In China, barbers used to traditionally operate on street sides. Only in modern times has customer privacy become a thing in barbershops. Nowadays, only a few street barbers remain in China, most of the old-timers who just keep on doing what they’ve been doing for a long time. But when they finally retire, it’ll be the end of an era and there will no longer be any street barbers.
Street barbers were first documented in China in the 14th century. Many of these barbers were travelers, setting up shop in places they visited. They used to cut hair, shave faces, and clean the ears with tools like scissors, tweezers, brushes, and razors, all of which were stored in a wooden box. Today, street barbers are largely old people whose customers also tend to be the older sections of society.

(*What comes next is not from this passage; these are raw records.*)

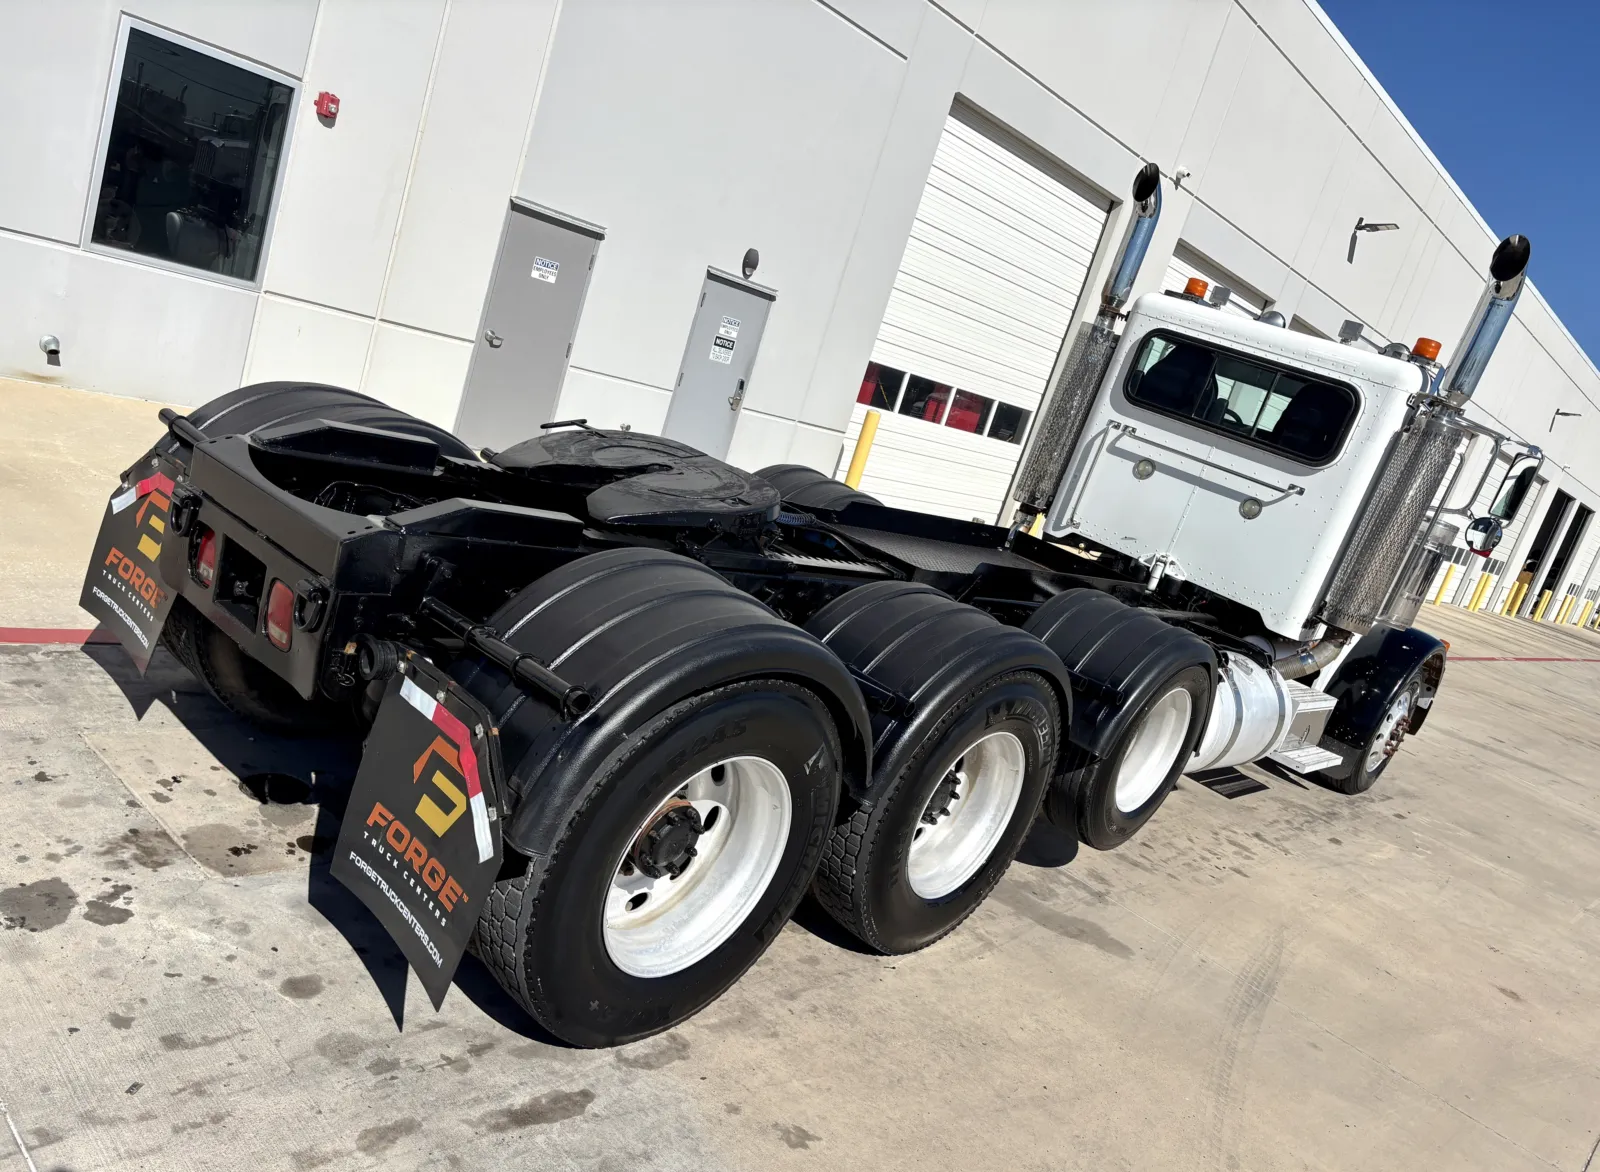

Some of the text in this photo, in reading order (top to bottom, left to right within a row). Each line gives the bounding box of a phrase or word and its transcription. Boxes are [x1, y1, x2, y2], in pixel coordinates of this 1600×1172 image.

[535, 258, 559, 271] NOTICE
[715, 337, 734, 349] NOTICE
[721, 317, 740, 327] NOTICE
[102, 569, 154, 622] TRUCK CENTERS
[105, 547, 166, 609] FORGE
[92, 586, 150, 650] FORGETRUCKCENTERS.COM
[364, 831, 447, 927] TRUCK CENTERS
[366, 801, 464, 913] FORGE
[349, 850, 443, 969] FORGETRUCKCENTERS.COM

“They are old in age, old in style, and seemingly equipped with nothing more than a rickety chair and a squeaky pair of scissors. They are a true throwback to a bygone era. Don’t come here expecting the latest trends (there’s a reason why the typical clientele are of more advanced age). Don’t expect nice, comfy surroundings either. Economical and efficient is what you can expect. What you see is very much what you get with the street barber,” according to Lord Hair.
Interestingly, the Chinese barbers that work in the street share a strong similarity to the Western shoe shiners of the past century who used to polish shoes by the roadside. Today, people would consider it barbaric to have someone bow down and clean their shoes in public. The same is the case with street barbers in China.